### Working data:
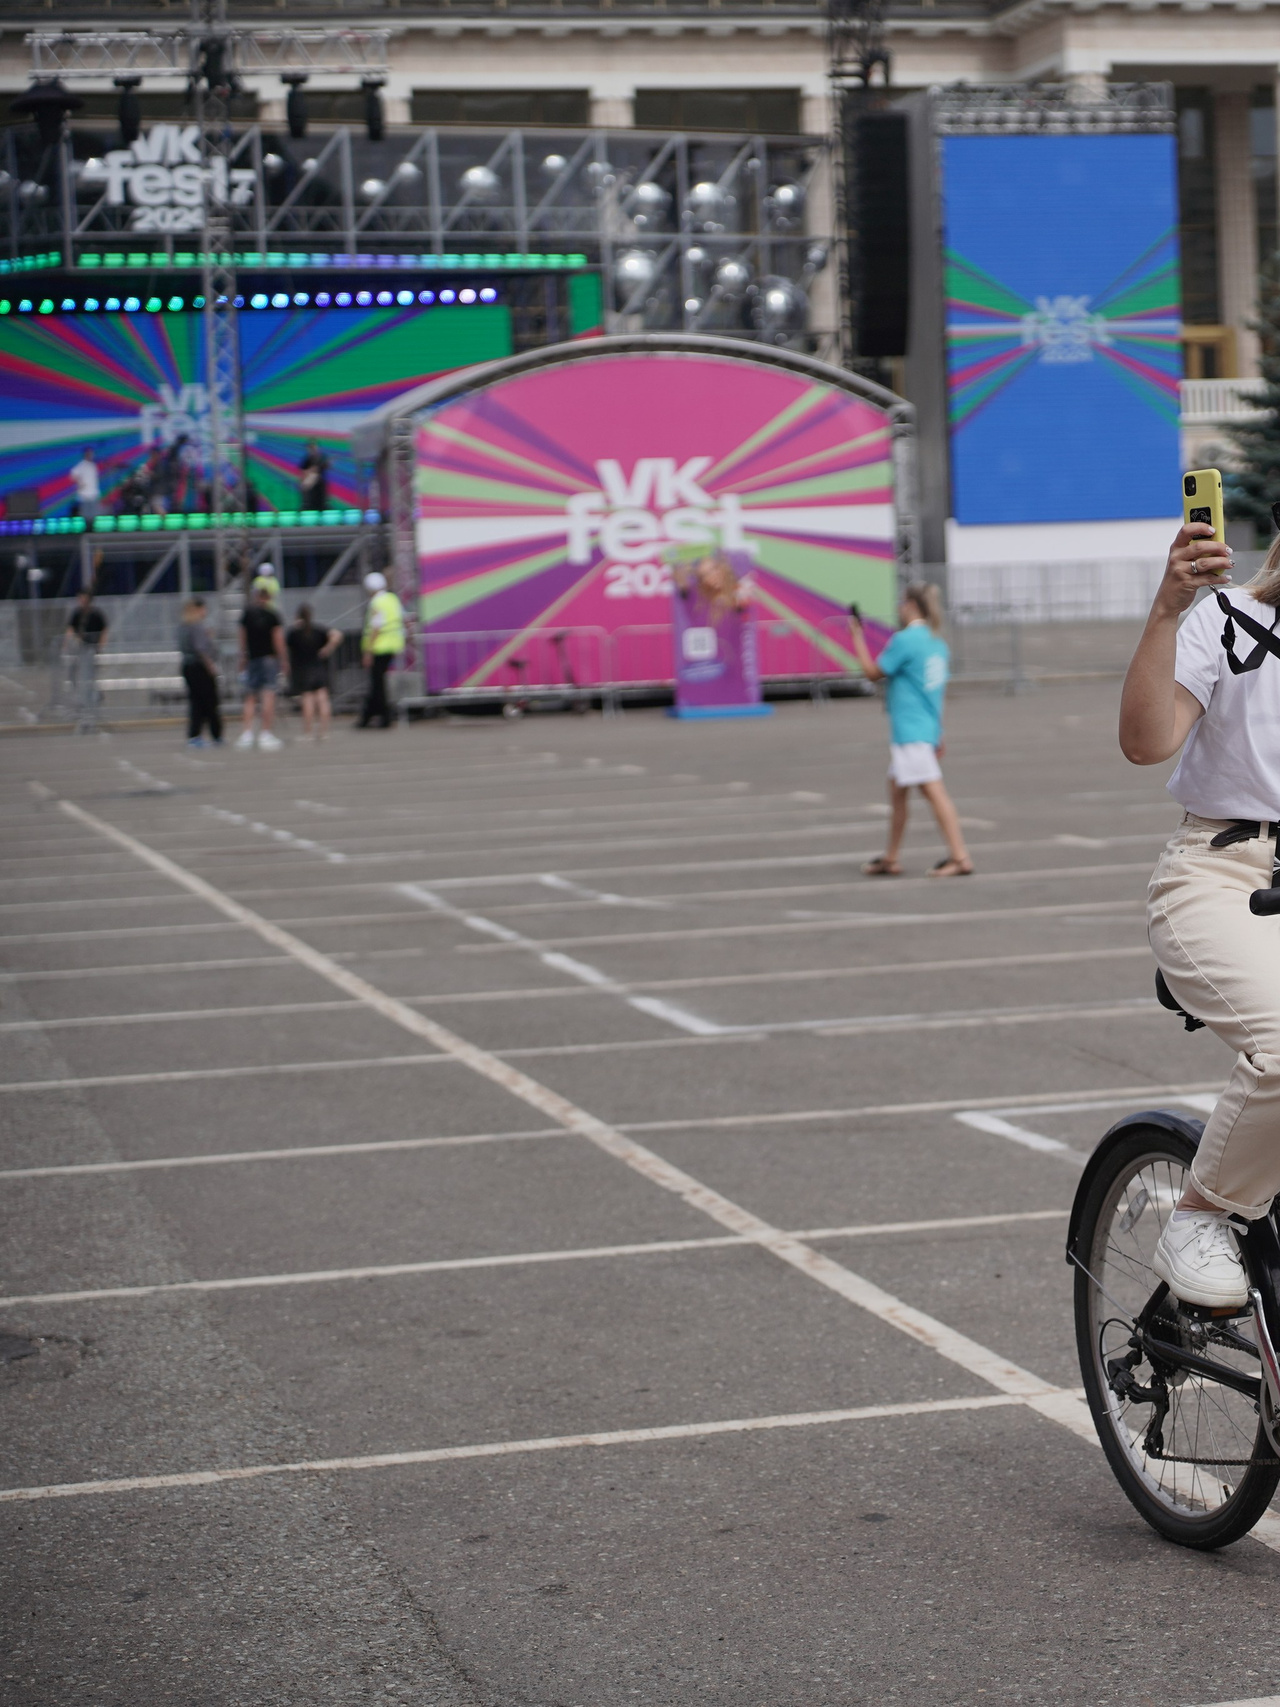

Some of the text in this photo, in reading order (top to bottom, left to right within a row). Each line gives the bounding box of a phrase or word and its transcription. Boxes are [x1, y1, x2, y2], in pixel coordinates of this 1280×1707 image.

[131, 123, 202, 163] VK
[596, 457, 714, 507] VK
[565, 491, 760, 566] fest
[603, 563, 674, 598] 202

### What is needed:
Exact reproduction of the entries above is what's needed; images stay out.

### Problem solution:
Some of the text in this photo, in reading order (top to bottom, left to right within a row). Each line gives the bounding box of a phrase or word and its transcription. Boxes are [x1, y1, x2, y2], in pixel coordinates of this 1280×1707 image.

[131, 123, 202, 163] VK
[596, 457, 714, 507] VK
[565, 491, 760, 566] fest
[603, 563, 674, 598] 202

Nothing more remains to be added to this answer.